Italian painter (1819–1896)

Luigi Gregori (1819–1896) was an Italian artist who worked at the Vatican and served as artist in residence and professor at the University of Notre Dame.

==Biography==
He was born in Bologna, Italy, in 1819, where at the age of fourteen he became apprentice of the Bolognese artist Giovanni Battista Frulli. There, he studied art of the antiquity as well as local artists, including the Carracci and Guido Reni. Frulli died in 1837, and Gregori then worked for Prince Pignatelli of Monteleone, and he traveled throughout Italy, including studying in Milan and Naples.
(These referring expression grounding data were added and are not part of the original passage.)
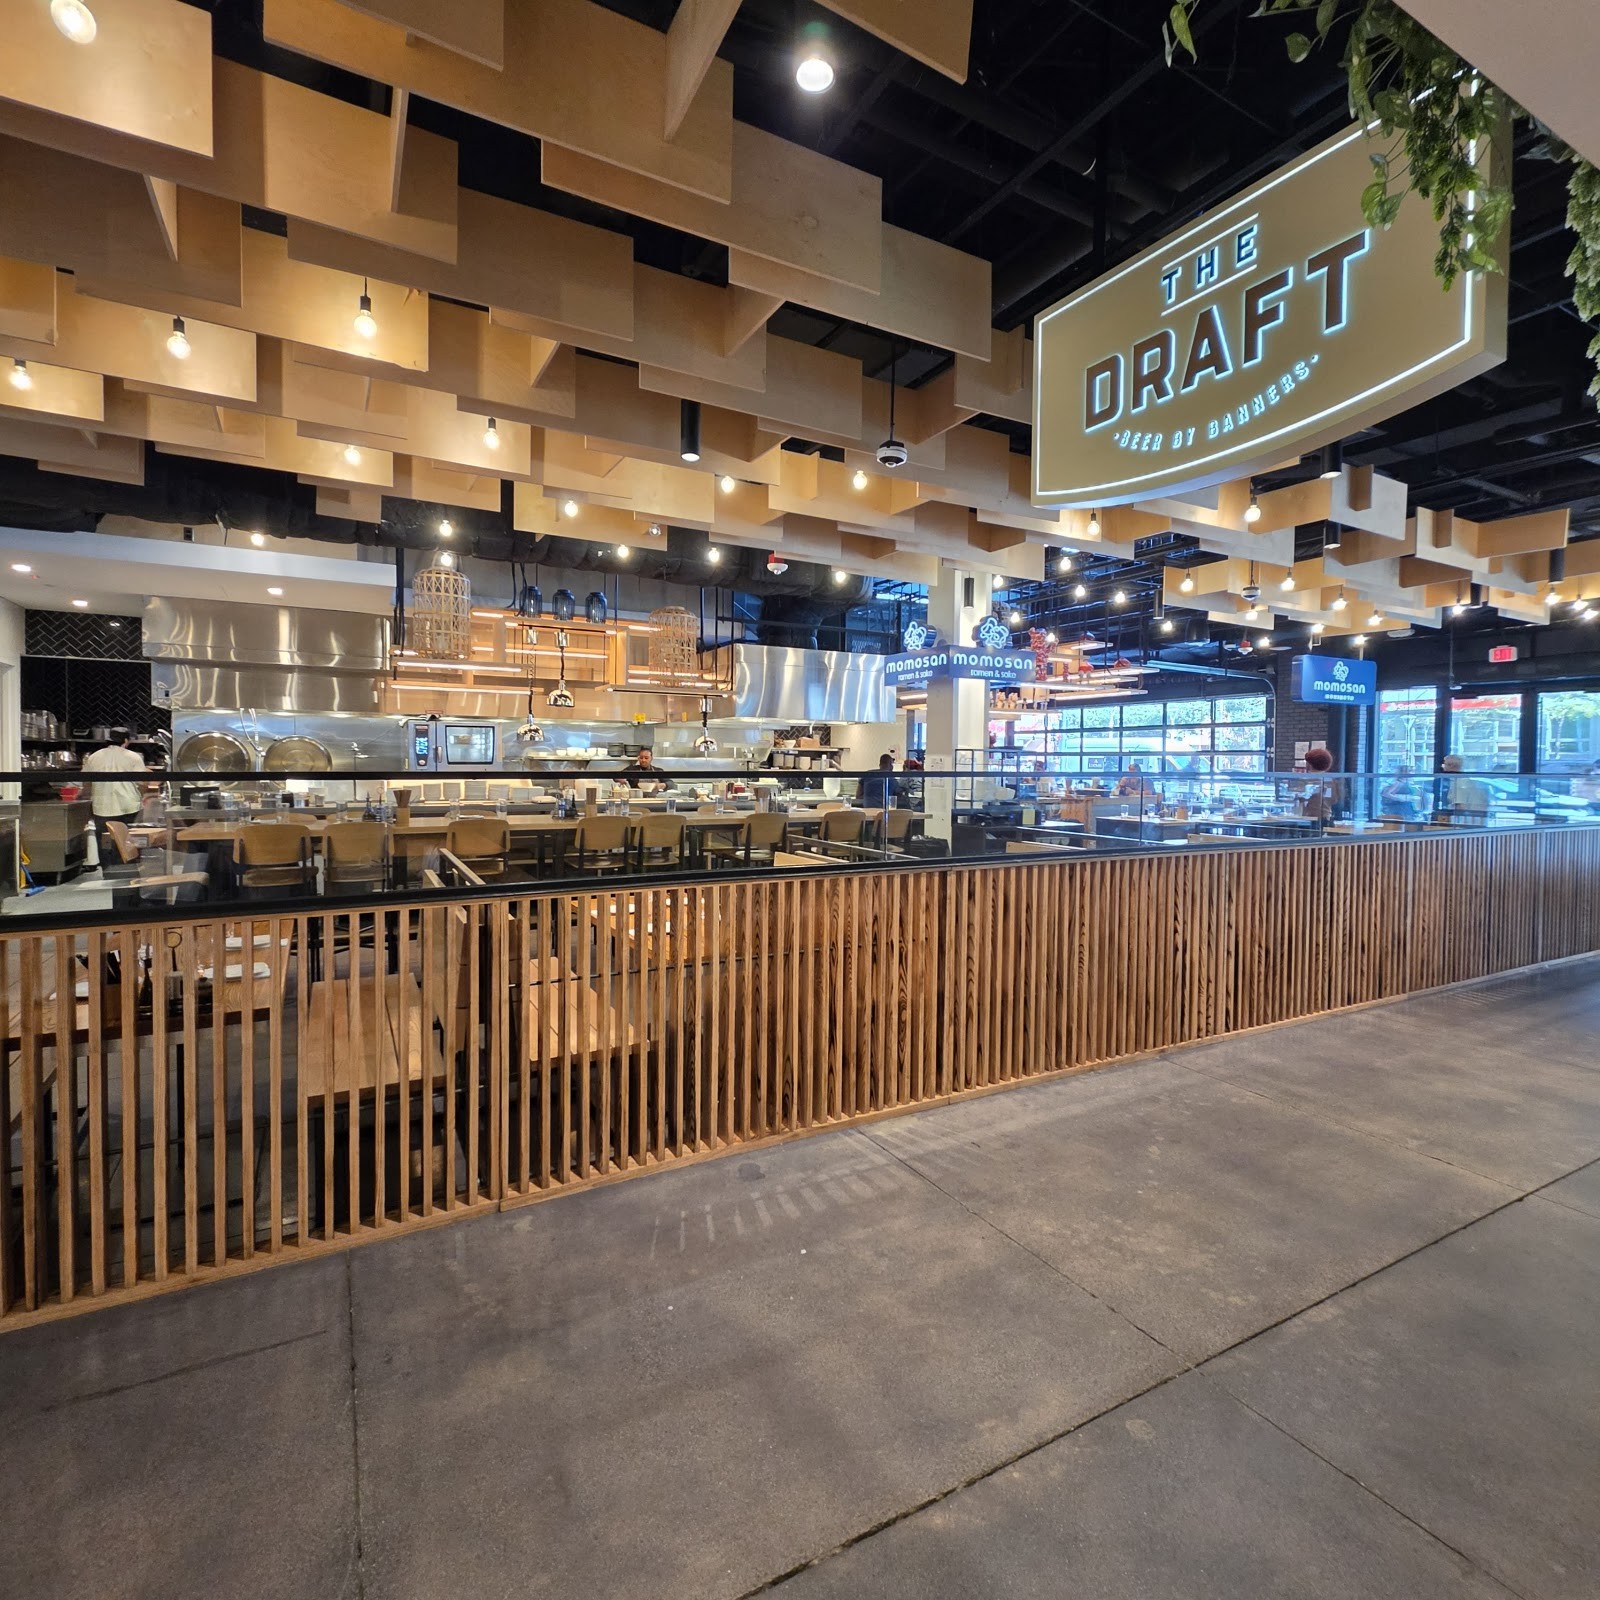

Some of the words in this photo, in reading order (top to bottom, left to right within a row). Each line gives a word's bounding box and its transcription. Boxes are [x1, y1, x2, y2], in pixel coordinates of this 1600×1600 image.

[1160, 224, 1258, 304] THE
[1084, 228, 1370, 433] DRAFT
[1119, 429, 1163, 451] BEER
[1172, 427, 1196, 449] BY
[1208, 361, 1310, 440] BANNERS
[886, 653, 947, 674] momosan
[953, 653, 1033, 670] momosan
[970, 670, 993, 678] ramen
[994, 670, 1000, 678] &
[1313, 680, 1366, 694] momosan
In 1840, he moved to Rome and enrolled at the Accademia di San Luca and studied under Tommaso Minardi. Minardi was a major proponent of the Purismo movement, which rejected the popular neoclassicism and aimed to emulate Quattrocento artists such as Fra Angelico and Pietro Perugino. Minardi and Purismo as a whole influenced Gregori greatly, and he intensely studied the fifteenth-century masters. Gregori was also inspired by Purismo's focus on a return to religious and devotional imagery, in contrast to increasingly secular trends.
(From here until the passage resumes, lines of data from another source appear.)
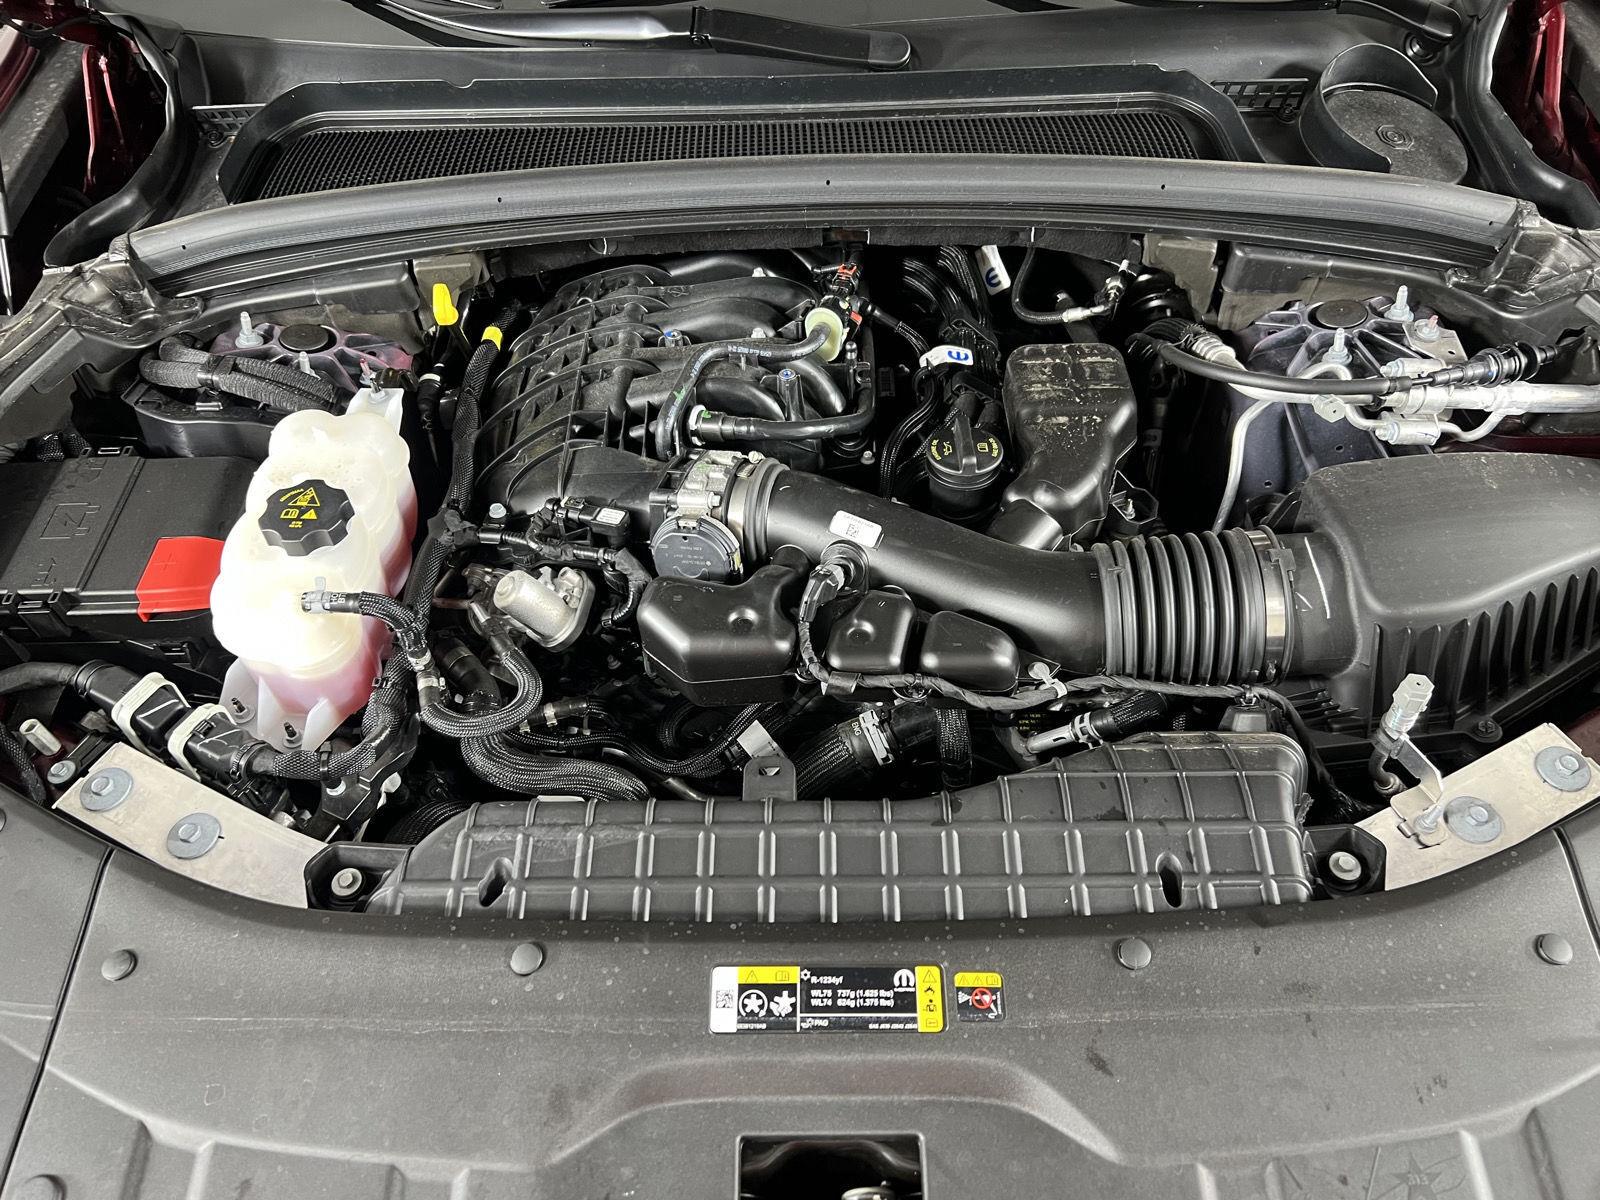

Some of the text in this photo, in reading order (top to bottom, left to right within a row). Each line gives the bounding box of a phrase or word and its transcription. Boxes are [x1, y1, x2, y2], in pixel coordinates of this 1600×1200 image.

[851, 721, 862, 736] ENG
[810, 989, 832, 998] WL75
[879, 989, 894, 998] lbs)
[810, 998, 832, 1007] WL74
[879, 998, 894, 1008] lbs)
After his training at the academy, he was hired as artist in residence at the Vatican, where he was commissioned a portrait of Pope Pius IX. However, he may have been frustrated by Pius's focus on restoring old Vatican artwork rather than creating new pieces.

In 1874 he was invited by Rev. Edward Sorin, who was visiting the papal court, to be artist in residence at the University of Notre Dame, where he stayed for seventeen years. There he produced most of his works, and decorated the Basilica of the Sacred Heart, the Main building, St. Edward's Hall and others. In 1890 he returned to Italy, where he won a golden medal for the arts. He died in Florence in 1896.

==Works==
From 1868 to 1892 he worked in the Church of the Sacred Heart (now Basilica of the Sacred Heart) at Notre Dame, painting the nave, the transept, the ceilings and the apse with religious figures featuring mainly Jesus, Mary, Joseph, and the Saints and Doctors of the Church. From 1874 to 1877 he painted the stations of the Cross.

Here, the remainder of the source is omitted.